### AVAILABLE DATA
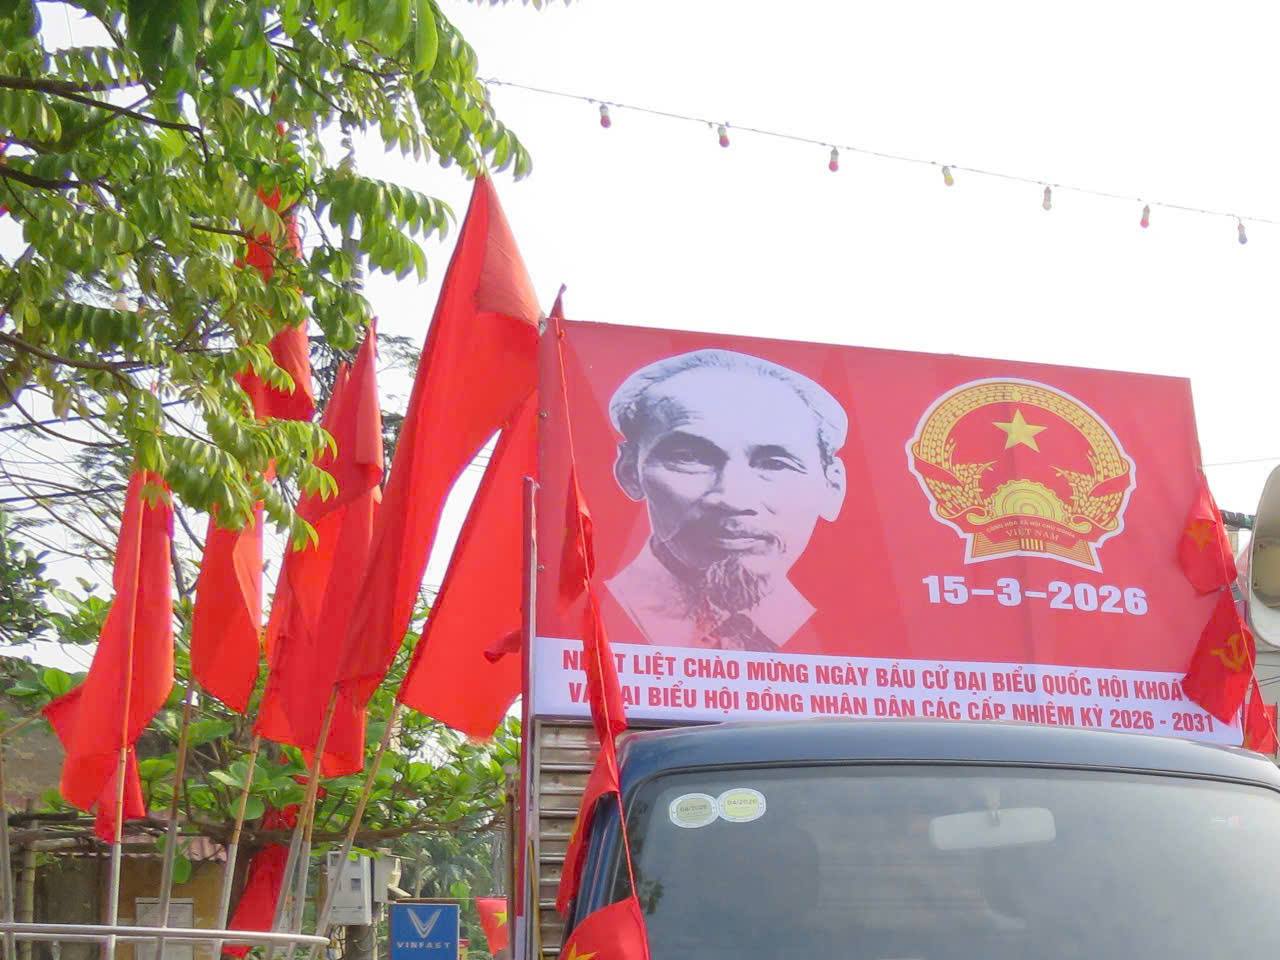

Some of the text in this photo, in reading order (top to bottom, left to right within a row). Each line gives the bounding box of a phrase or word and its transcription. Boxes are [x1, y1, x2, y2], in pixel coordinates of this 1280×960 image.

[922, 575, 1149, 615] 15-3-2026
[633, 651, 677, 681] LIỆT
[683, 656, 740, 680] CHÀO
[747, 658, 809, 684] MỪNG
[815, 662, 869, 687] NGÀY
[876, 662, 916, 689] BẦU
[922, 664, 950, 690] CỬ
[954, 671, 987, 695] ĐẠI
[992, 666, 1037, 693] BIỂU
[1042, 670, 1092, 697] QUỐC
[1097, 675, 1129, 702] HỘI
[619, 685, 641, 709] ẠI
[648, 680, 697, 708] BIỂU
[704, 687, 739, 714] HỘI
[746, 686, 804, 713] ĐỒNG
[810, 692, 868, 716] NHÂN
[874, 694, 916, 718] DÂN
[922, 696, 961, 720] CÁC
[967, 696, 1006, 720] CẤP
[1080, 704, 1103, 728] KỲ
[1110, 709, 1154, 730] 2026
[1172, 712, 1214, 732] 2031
######
The listing above must be repeated exactly, apart from the pictures.

Some of the text in this photo, in reading order (top to bottom, left to right within a row). Each line gives the bounding box of a phrase or word and its transcription. Boxes are [x1, y1, x2, y2], in pixel coordinates of this 1280×960 image.

[922, 575, 1149, 615] 15-3-2026
[633, 651, 677, 681] LIỆT
[683, 656, 740, 680] CHÀO
[747, 658, 809, 684] MỪNG
[815, 662, 869, 687] NGÀY
[876, 662, 916, 689] BẦU
[922, 664, 950, 690] CỬ
[954, 671, 987, 695] ĐẠI
[992, 666, 1037, 693] BIỂU
[1042, 670, 1092, 697] QUỐC
[1097, 675, 1129, 702] HỘI
[619, 685, 641, 709] ẠI
[648, 680, 697, 708] BIỂU
[704, 687, 739, 714] HỘI
[746, 686, 804, 713] ĐỒNG
[810, 692, 868, 716] NHÂN
[874, 694, 916, 718] DÂN
[922, 696, 961, 720] CÁC
[967, 696, 1006, 720] CẤP
[1080, 704, 1103, 728] KỲ
[1110, 709, 1154, 730] 2026
[1172, 712, 1214, 732] 2031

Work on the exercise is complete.